• [What you should do]:
Copy the lines below word for word, skipping any image.

*** Begin section ***

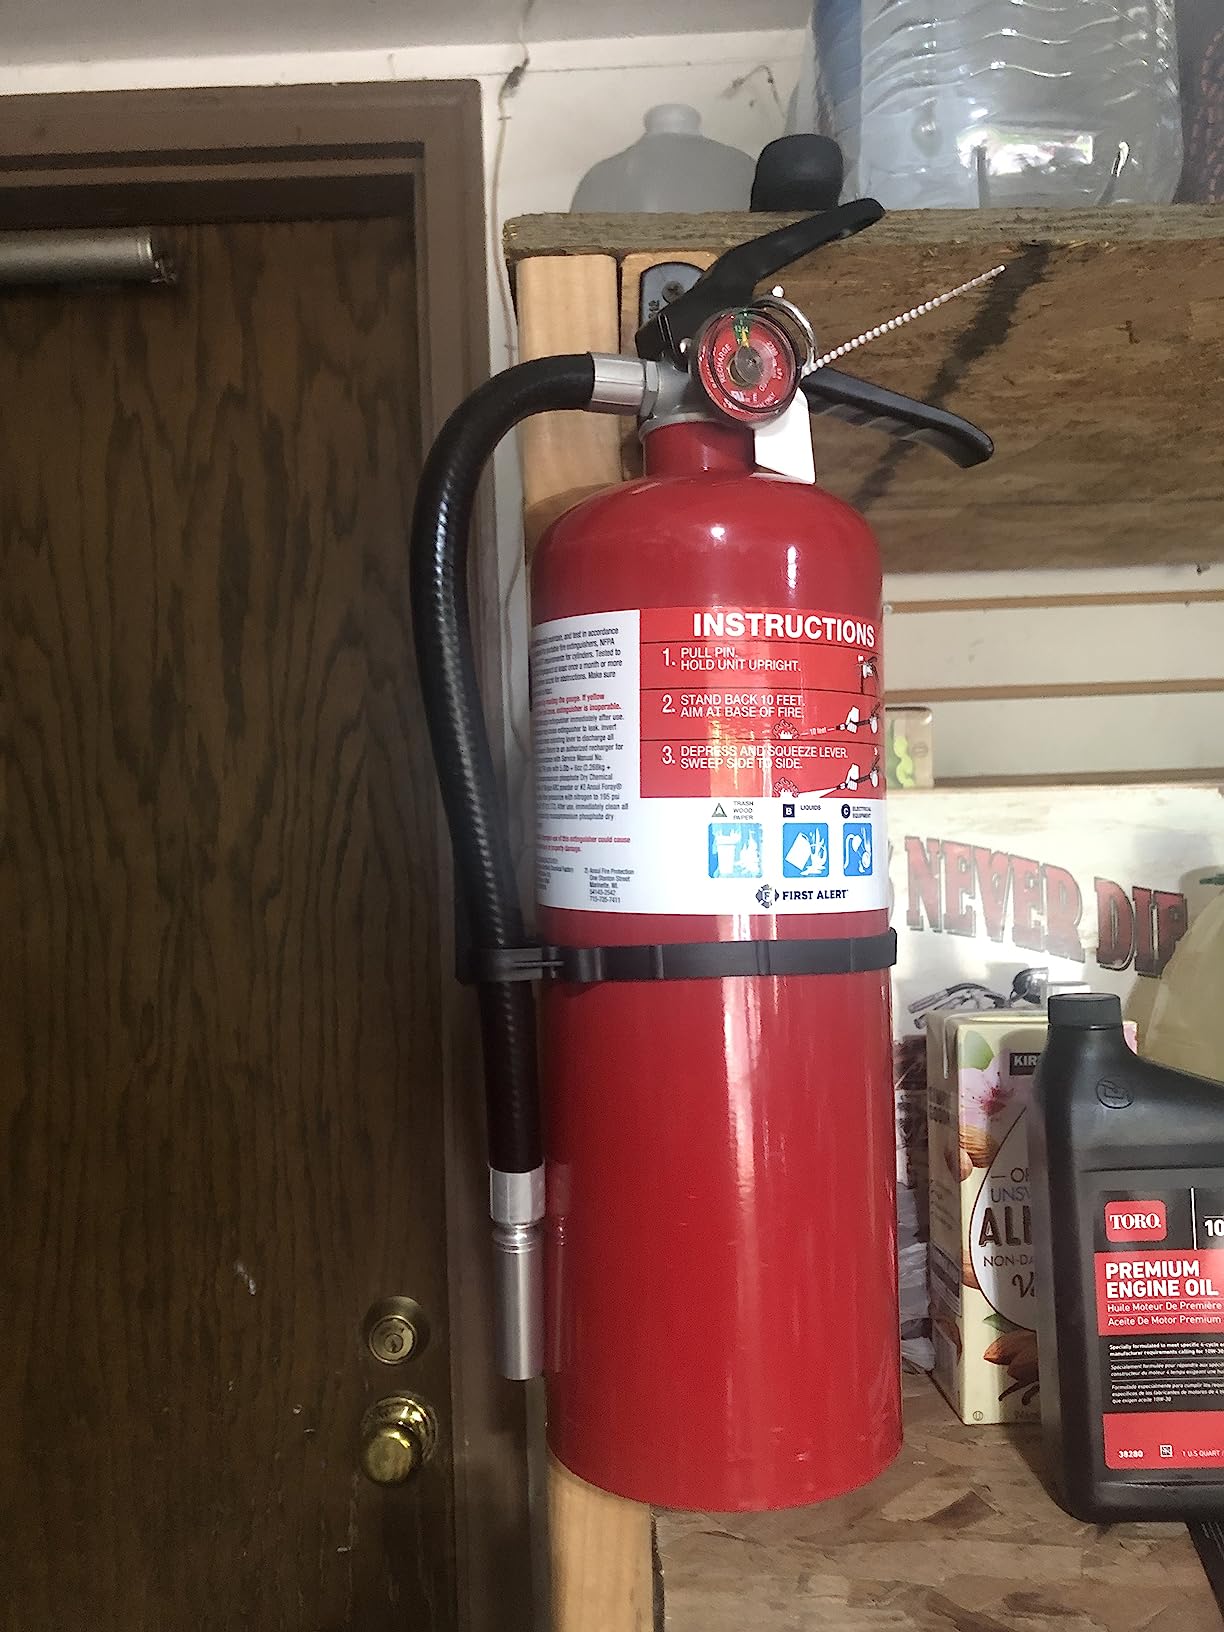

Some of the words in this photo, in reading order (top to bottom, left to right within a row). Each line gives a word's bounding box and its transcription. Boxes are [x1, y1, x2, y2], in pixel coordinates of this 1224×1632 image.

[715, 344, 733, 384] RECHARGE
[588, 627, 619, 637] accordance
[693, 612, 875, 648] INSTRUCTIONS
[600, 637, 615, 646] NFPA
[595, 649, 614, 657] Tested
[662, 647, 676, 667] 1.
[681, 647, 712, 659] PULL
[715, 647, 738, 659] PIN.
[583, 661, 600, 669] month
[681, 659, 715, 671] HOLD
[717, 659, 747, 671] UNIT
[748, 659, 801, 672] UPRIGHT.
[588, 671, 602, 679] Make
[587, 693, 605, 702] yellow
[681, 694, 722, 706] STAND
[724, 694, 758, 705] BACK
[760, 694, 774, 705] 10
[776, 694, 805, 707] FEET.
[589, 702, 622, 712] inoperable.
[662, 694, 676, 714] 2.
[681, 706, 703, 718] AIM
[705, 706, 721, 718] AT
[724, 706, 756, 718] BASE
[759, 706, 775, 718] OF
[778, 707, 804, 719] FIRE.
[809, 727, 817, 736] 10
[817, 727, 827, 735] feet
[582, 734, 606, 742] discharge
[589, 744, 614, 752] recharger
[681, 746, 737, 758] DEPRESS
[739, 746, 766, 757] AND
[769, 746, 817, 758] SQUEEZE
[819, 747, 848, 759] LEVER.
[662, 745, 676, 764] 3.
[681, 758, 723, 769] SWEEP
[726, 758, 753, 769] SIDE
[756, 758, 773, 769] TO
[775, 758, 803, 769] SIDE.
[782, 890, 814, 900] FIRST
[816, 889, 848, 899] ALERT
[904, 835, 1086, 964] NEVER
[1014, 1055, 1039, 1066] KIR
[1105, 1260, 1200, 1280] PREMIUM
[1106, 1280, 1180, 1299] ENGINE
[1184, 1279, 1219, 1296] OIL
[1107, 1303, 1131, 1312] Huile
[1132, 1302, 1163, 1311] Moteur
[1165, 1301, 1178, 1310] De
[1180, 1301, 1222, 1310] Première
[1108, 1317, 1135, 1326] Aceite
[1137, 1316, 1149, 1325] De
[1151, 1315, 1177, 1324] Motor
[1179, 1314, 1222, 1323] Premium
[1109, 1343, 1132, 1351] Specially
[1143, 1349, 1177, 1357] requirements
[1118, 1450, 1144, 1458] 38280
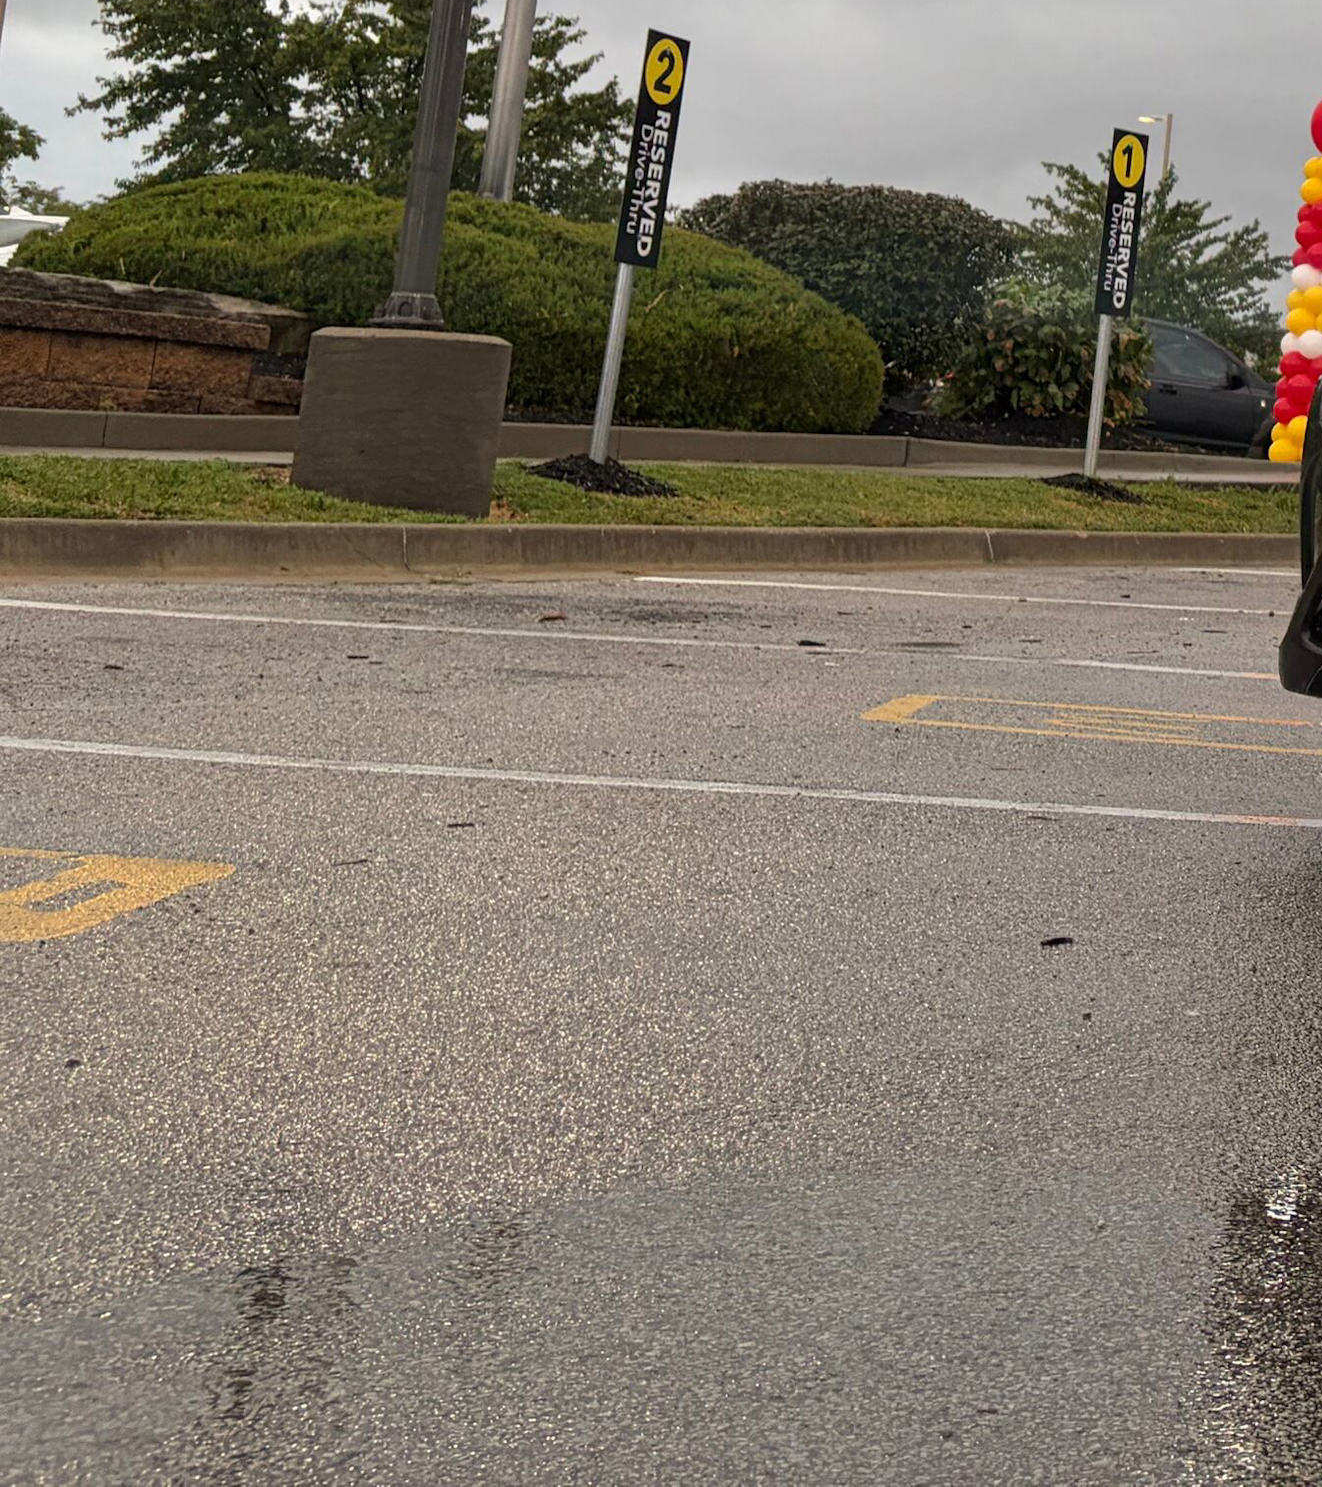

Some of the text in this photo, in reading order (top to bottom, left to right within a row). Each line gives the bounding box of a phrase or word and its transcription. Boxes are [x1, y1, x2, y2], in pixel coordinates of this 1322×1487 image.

*** End section ***

• [Output for this task]:
Some of the words in this photo, in reading order (top to bottom, left to right within a row). Each line gives a word's bounding box and its transcription. Boxes are [x1, y1, x2, y2], in pixel coordinates of this 1224×1632 image.

[715, 344, 733, 384] RECHARGE
[588, 627, 619, 637] accordance
[693, 612, 875, 648] INSTRUCTIONS
[600, 637, 615, 646] NFPA
[595, 649, 614, 657] Tested
[662, 647, 676, 667] 1.
[681, 647, 712, 659] PULL
[715, 647, 738, 659] PIN.
[583, 661, 600, 669] month
[681, 659, 715, 671] HOLD
[717, 659, 747, 671] UNIT
[748, 659, 801, 672] UPRIGHT.
[588, 671, 602, 679] Make
[587, 693, 605, 702] yellow
[681, 694, 722, 706] STAND
[724, 694, 758, 705] BACK
[760, 694, 774, 705] 10
[776, 694, 805, 707] FEET.
[589, 702, 622, 712] inoperable.
[662, 694, 676, 714] 2.
[681, 706, 703, 718] AIM
[705, 706, 721, 718] AT
[724, 706, 756, 718] BASE
[759, 706, 775, 718] OF
[778, 707, 804, 719] FIRE.
[809, 727, 817, 736] 10
[817, 727, 827, 735] feet
[582, 734, 606, 742] discharge
[589, 744, 614, 752] recharger
[681, 746, 737, 758] DEPRESS
[739, 746, 766, 757] AND
[769, 746, 817, 758] SQUEEZE
[819, 747, 848, 759] LEVER.
[662, 745, 676, 764] 3.
[681, 758, 723, 769] SWEEP
[726, 758, 753, 769] SIDE
[756, 758, 773, 769] TO
[775, 758, 803, 769] SIDE.
[782, 890, 814, 900] FIRST
[816, 889, 848, 899] ALERT
[904, 835, 1086, 964] NEVER
[1014, 1055, 1039, 1066] KIR
[1105, 1260, 1200, 1280] PREMIUM
[1106, 1280, 1180, 1299] ENGINE
[1184, 1279, 1219, 1296] OIL
[1107, 1303, 1131, 1312] Huile
[1132, 1302, 1163, 1311] Moteur
[1165, 1301, 1178, 1310] De
[1180, 1301, 1222, 1310] Première
[1108, 1317, 1135, 1326] Aceite
[1137, 1316, 1149, 1325] De
[1151, 1315, 1177, 1324] Motor
[1179, 1314, 1222, 1323] Premium
[1109, 1343, 1132, 1351] Specially
[1143, 1349, 1177, 1357] requirements
[1118, 1450, 1144, 1458] 38280

Some of the text in this photo, in reading order (top to bottom, left to right within a row). Each line gives the bounding box of a phrase or word and its transcription. Boxes are [x1, y1, x2, y2], in pixel coordinates of this 1322×1487 image.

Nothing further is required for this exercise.